Il y a plusieurs façons de s’égarer ou voyager dans le cimetière du père Lachaise. Et chaque périple à son modèle. En se prêtant au jeu des portraits, on pourrait distinguer le déambulateur organisé du prédateur névrotique, et le prédateur névrotique de l’ignorant tranquille.

1er personnage, errance 1. La forme organisée nécessite, avant toute chose, la possession d’un guide, d’un dépliant détaillant au plus précis les différents points de célébrité incontournables. Le trajet se transforme alors en collection de lieux, de bons numéros et de ponts aux ânes… Il faut compter le nombre de cases, de rangées, de lignes et de tombes avant d’atteindre celle tant attendue. C’est mathématique comme une grille de Sudoku aussi poétique qu’un carré magique. On s’assoie alors sur Marcel Proust pour immortaliser les retrouvailles, s’alanguit sur Oscar Wilde, s’ébroue sur Arthur Rimbaud… L’espace se vide, se concentre autour de points de densité, de centres dorés et ébouriffants et certains ont des airs à venir faire leurs courses dans le supermarché des corps…

2nd personnage, errance 2. Le périple du prédateur névrotique est plus circonstanciel et ne se rencontre qu’à cette période fleurie des tâches jaunes et blanches, quand les proches réels, les intimes font silence sur les lieux de leurs morts.
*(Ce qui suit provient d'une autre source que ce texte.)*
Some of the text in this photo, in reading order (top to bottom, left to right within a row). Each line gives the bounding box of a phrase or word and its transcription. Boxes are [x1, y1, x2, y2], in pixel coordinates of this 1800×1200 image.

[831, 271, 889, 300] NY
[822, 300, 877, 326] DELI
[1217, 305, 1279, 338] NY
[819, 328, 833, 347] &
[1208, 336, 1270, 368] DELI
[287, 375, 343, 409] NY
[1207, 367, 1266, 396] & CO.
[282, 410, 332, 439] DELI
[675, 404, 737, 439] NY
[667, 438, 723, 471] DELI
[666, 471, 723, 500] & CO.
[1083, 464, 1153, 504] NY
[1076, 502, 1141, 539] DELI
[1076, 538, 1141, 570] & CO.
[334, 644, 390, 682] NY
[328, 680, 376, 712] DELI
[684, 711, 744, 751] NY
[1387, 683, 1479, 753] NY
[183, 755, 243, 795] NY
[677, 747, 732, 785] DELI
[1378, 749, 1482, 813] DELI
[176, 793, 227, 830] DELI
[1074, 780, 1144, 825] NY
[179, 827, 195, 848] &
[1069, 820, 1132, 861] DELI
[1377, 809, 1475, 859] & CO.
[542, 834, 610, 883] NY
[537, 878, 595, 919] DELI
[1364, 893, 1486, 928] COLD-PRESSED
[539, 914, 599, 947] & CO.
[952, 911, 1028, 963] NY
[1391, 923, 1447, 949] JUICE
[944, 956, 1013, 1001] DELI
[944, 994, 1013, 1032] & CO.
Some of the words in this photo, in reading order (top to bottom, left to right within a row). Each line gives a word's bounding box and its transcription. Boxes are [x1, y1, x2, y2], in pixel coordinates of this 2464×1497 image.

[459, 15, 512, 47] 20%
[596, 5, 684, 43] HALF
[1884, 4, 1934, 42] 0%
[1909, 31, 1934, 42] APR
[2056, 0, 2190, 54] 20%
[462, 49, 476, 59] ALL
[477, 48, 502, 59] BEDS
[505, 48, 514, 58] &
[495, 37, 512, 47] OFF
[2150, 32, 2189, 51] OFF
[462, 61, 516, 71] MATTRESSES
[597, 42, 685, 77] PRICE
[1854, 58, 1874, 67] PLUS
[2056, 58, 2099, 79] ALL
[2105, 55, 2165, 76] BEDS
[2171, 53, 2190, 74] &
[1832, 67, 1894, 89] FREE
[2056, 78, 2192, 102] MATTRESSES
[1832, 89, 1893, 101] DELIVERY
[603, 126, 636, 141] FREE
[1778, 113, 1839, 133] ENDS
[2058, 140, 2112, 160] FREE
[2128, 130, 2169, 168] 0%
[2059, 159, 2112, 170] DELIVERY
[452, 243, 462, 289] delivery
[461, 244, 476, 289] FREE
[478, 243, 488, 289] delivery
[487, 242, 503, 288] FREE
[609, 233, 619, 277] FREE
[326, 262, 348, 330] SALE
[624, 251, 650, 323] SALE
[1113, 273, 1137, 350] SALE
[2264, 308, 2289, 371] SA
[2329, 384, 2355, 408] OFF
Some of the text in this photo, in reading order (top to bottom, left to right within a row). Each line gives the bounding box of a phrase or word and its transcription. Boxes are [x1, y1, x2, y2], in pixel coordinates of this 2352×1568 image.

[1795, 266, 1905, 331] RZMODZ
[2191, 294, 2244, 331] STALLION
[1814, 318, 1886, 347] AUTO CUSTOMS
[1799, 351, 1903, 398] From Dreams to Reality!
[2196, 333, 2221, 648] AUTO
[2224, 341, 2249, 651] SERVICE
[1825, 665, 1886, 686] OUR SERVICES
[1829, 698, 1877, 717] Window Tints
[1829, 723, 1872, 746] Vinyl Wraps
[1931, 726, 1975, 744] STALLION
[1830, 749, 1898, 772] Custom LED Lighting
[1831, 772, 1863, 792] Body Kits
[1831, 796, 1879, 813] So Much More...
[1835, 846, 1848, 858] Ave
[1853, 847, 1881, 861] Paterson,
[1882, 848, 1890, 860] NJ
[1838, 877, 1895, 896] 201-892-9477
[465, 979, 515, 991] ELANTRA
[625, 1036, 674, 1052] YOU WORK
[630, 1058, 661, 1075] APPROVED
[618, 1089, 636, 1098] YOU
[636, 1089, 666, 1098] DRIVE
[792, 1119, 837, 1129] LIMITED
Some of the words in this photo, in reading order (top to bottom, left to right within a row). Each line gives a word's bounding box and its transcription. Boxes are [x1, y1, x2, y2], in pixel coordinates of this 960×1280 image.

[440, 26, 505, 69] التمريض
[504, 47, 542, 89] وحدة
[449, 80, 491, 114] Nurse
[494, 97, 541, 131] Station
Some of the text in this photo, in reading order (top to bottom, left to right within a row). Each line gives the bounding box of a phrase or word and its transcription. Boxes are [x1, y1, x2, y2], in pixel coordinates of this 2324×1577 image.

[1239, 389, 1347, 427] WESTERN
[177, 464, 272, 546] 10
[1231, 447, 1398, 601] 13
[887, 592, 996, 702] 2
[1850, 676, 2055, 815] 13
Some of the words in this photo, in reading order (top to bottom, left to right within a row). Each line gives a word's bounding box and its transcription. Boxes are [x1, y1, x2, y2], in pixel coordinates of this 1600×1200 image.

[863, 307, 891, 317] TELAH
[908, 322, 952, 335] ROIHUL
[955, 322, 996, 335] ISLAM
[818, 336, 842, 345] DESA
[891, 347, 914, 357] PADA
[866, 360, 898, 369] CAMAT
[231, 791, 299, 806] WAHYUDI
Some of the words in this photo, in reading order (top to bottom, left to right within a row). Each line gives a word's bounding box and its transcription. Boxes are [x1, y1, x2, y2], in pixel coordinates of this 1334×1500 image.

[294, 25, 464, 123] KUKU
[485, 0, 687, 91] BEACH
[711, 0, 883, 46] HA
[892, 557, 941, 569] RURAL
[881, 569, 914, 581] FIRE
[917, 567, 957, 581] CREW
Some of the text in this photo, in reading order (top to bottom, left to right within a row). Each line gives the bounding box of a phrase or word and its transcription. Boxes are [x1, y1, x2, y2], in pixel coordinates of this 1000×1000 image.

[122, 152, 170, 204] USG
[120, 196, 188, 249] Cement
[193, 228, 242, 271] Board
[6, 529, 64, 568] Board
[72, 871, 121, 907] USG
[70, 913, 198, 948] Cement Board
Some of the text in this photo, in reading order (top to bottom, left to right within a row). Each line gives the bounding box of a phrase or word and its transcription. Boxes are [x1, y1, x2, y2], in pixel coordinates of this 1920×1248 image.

Alors qu’il erre dans les allées, sur les pavés gris comme le ciel sans reflet, notre spécimen scrute les attroupements, la moindre grappe de gens recueillis avec force marques de dévotion, fleurs, bougies, encens – signes qu’on ne s’assemble pas pour rien ! Avec un air circonspect et comme déjà concerné, le prédateur s’approche du groupe ainsi constitué et se glisse dans le rang. À pleines bouchées alors, il demande à son voisin de qui est-ce la tombe, pensant avoir à faire à l’un des grands labels recueillant une grande âme. Mais déjà la famille s’étonne de voir l’inconnu parmi eux, la gêne les traverse tous et leurs bouches, comme en cœur, renvoient notre bonhomme à d’autres tombes à reluquer.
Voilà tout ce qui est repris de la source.